At sentencing Assistant United States Attorney Susan B. Dohrmann asked for the longest sentence possible, in order to protect the community. “Defendant simply must not have any possible access to children in whatever form - actual or photographic - for as long as the law allows. It is the only way in the context of the facts of this case to assure the community that children are protected and that there is one less person able to participate in keeping the market for this abhorrent material thriving,” Ms. Dohrmann wrote in her sentencing memo.

Chief Judge Lasnik agreed the community needs to be protected, saying the sentence at the top of the guidelines range is necessary for “the safety of whatever community Mr. Gouin is released into.” GOUIN likely will be deported following his prison term.

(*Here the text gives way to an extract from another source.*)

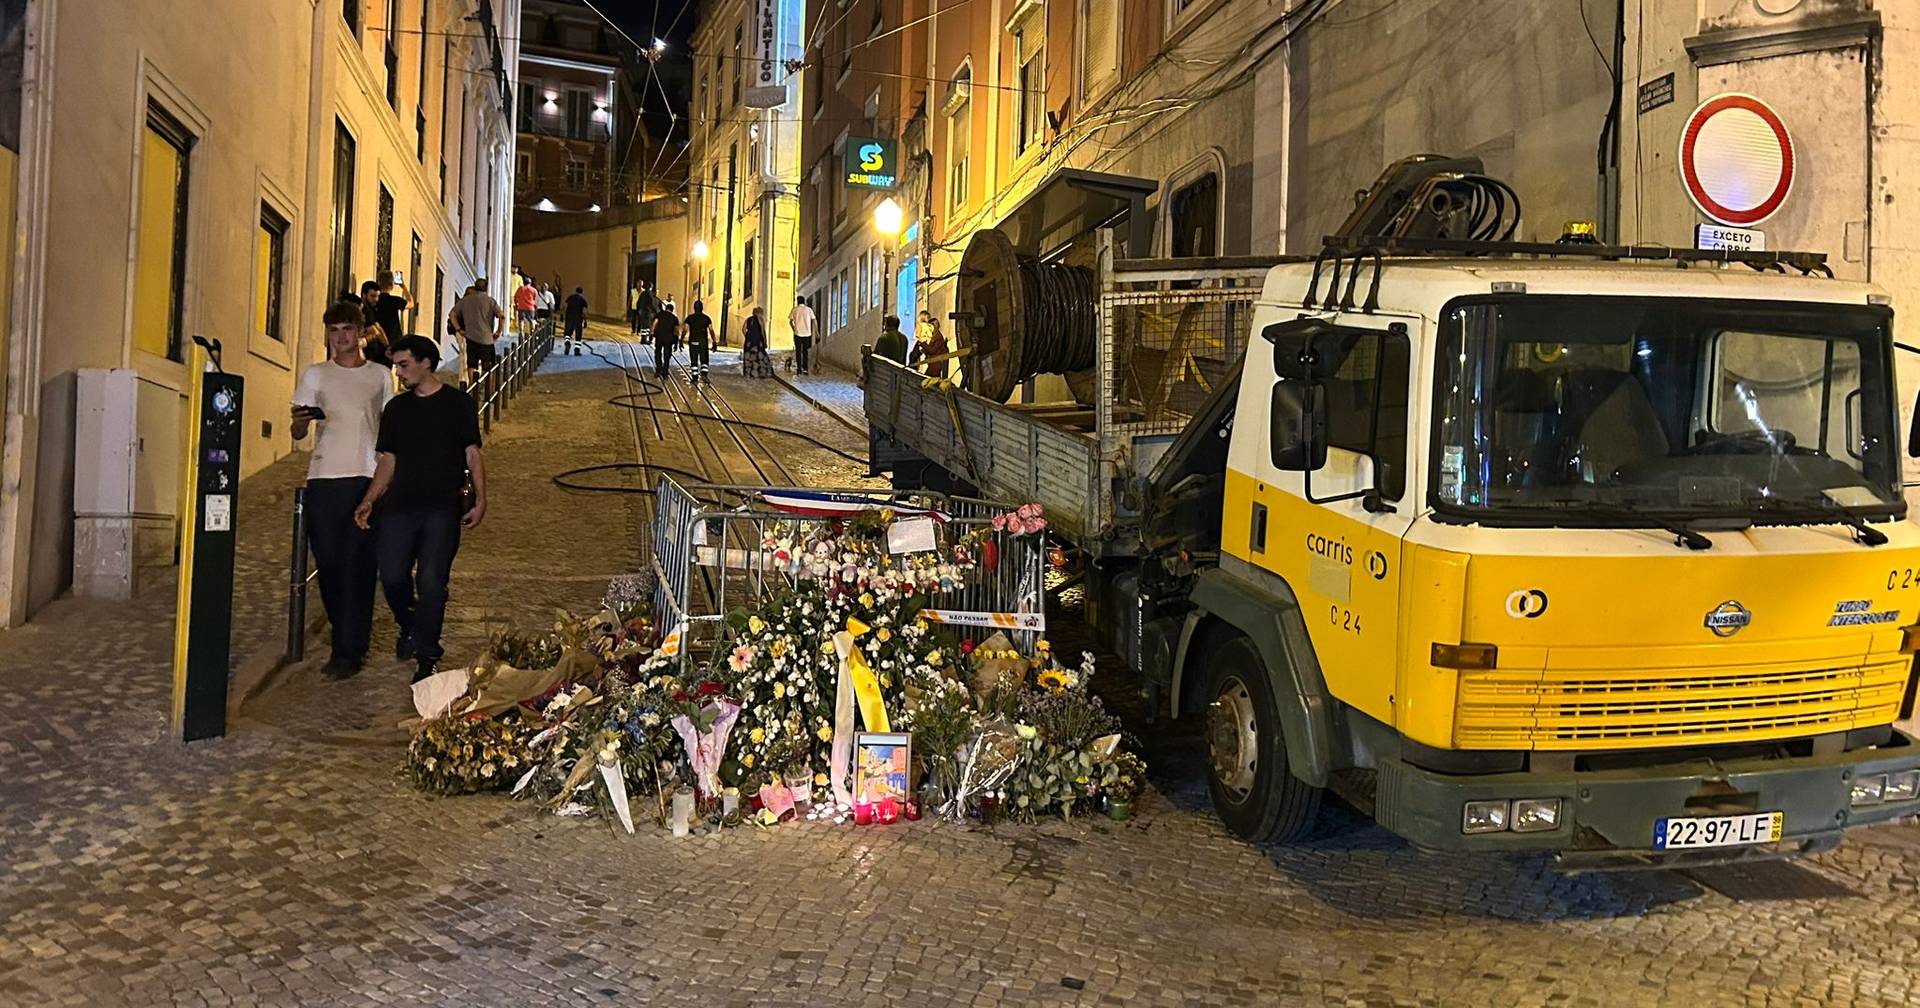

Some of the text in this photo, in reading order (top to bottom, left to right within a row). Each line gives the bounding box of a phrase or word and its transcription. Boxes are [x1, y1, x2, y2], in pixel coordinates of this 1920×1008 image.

[847, 173, 894, 187] SUBWAY
[1713, 230, 1752, 244] EXCETO
[1306, 533, 1353, 565] carris
[1712, 614, 1748, 625] NISSAN

This case was prosecuted as part of Project Safe Childhood. In February 2006, the U.S. Department of Justice launched Project Safe Childhood, a nationwide initiative designed to protect children from online exploitation and abuse. Led by the United States Attorneys Offices, Project Safe Childhood marshals federal, state and local resources to better locate, apprehend, and prosecute individuals who exploit children via the Internet, as well as identify and rescue victims.

The case was investigated by the Des Moines Police Department and the Federal Bureau of Investigation. The case was prosecuted by Assistant United States Attorney Susan B. Dohrmann.